Financial services organisations are trusted with far more than just money; they’re also responsible for keeping customers’ highly sensitive personal and financial data under lock and key. We’re hyper-aware that the growing value of this data means financial organisations are prime targets for cyberattacks – but this isn’t the only threat they face.


In fact, not a day passes without these firms’ own employees putting data at risk from within, says Tony Pepper, CEO. Egress…

You might think that, when it comes to reducing overall breach risk, employees represent low-hanging fruit – surely it is easier to control the actions of a company’s own team members than it is to defend against external attackers? However, this not the reality experienced by financial firms worldwide. While external attackers are always motivated by malicious intent, the employee population is far more heterogenous and, in a sense, much more human. This makes understanding and mitigating insider risk a more nuanced exercise. Just because it is difficult, however, doesn’t mean it is impossible. It’s crucial that financial services companies shift the dial on insider risk and reduce breach frequency, because the penalties for failing to do so are becoming increasingly draconian and the repercussions from customers much more severe.

The recent Egress Insider Breach Survey aimed to understand the different attitudes towards data sharing and ownership among employees in financial services companies and the approaches that IT leaders in the sector are taking to managing insider breach risk.

We found a whole range of diverse profiles of people who put sensitive financial data at risk for very different, but very human, reasons.

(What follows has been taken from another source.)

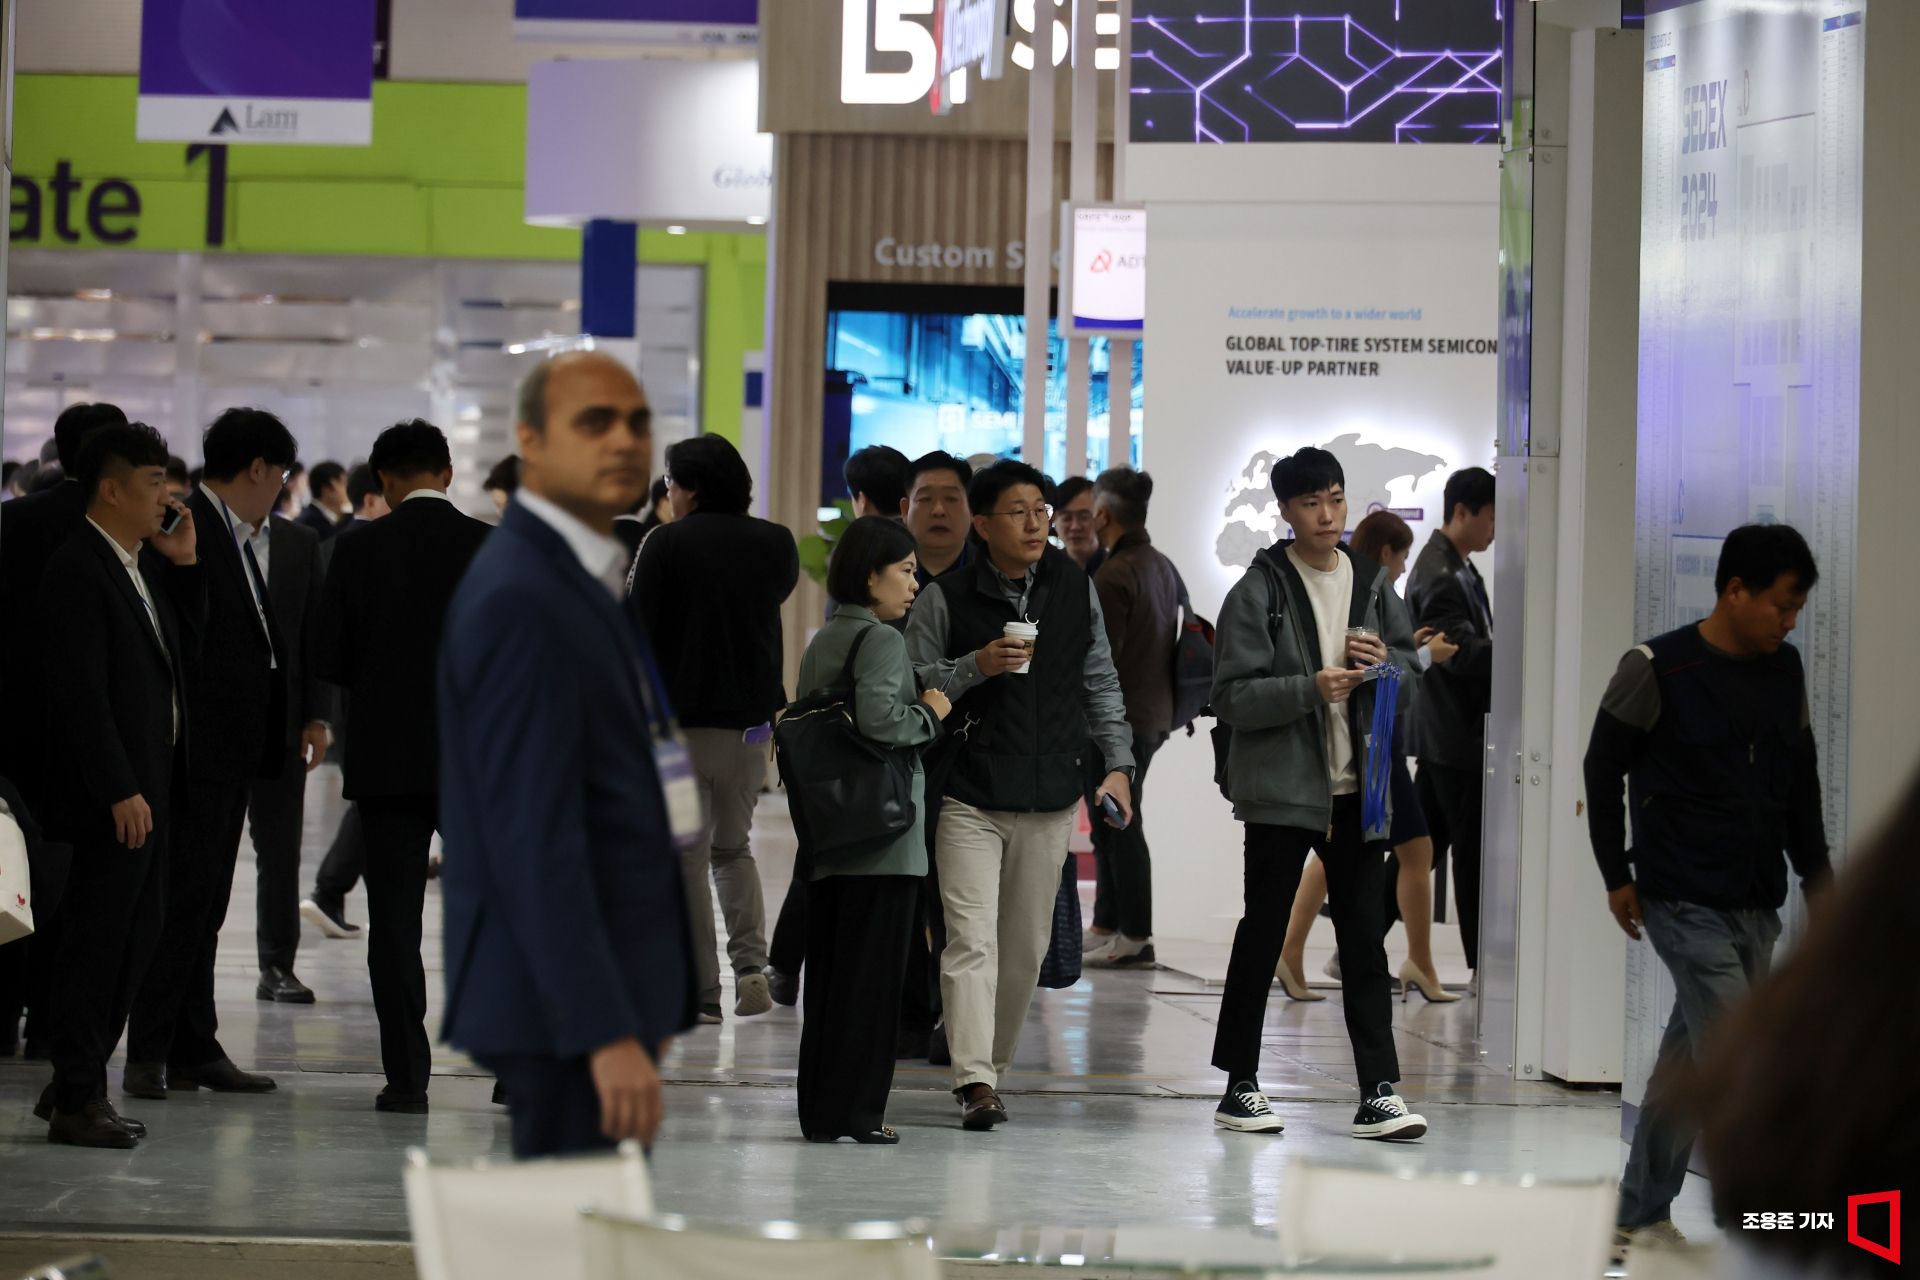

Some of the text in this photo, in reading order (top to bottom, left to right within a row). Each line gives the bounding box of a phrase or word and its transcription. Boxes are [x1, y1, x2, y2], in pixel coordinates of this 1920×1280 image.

Some need monitoring to keep their less-than-honest traits from getting the better of them, while others need a helping hand to save them from making genuine, well-meaning mistakes. And across all respondents, we also found confusion over who really owns data, contributing to the more cavalier attitudes displayed by some.

Deliberate “data breachers” – from well-intentioned but reckless to disaffected and destructive

Our study found that the financial services sector has more than its fair share of deliberate “data breachers”. Of the thousand employees we questioned, almost a third (32%) said they or a colleague had intentionally broken company policy when sharing or removing information in the past year. This compares with just 15% of healthcare workers and 11% of government sector employees.

The reasons given for this deliberate flouting of security policy varied. One-third said they were simply trying to get their job done but didn’t have the appropriate tools to share data safely. On the face of it we might have some sympathy with those employees, but would consumers and businesses want to bank with those firms?

It’s more difficult to be sympathetic with those motivated by self-gain, including the 41% who took data with them because they were moving to a new job. And we have even less sympathy for the 15% who compromised data because they were angry with the company and wanted to deliberately cause harm.

Operator error – mobile, tired, under pressure

Even with their firm’s best interests at heart, employees still make mistakes. 30% of financial sector workers said they or a colleague had caused an accidental data breach in the past year – again more than twice as many as their public sector counterparts. A third had sent an email to the wrong person and a further third had clicked on a link in a phishing email.

Their reasons behind these breaches varied from the pressure of working in a stressful environment, to tiredness and rushing. A significant proportion, however, said they made an error due to using a mobile device – and given the current requirement for mobile remote working during this COVID-19 pandemic, this is a definite cause for concern.

Breach detection gaps and technology limitations

Next, we examined what IT leaders in the sector have in place to mitigate insider breach risk. Concerningly, 60% said the most likely way they would discover an insider data breach was via internal hand-raiser reporting by either the employee themselves or a colleague. Only one third felt that their breach detection systems would pick up the issue.

In a similar vein, traditional data protection technology use was surprisingly inconsistent across financial firms. Email encryption, anti-malware and secure collaboration software were in use by fewer than half of financial sector companies. Again, raising the question whether consumers and businesses would be willing to trust their data to financial firms if they knew they didn’t have systems in place to protect it.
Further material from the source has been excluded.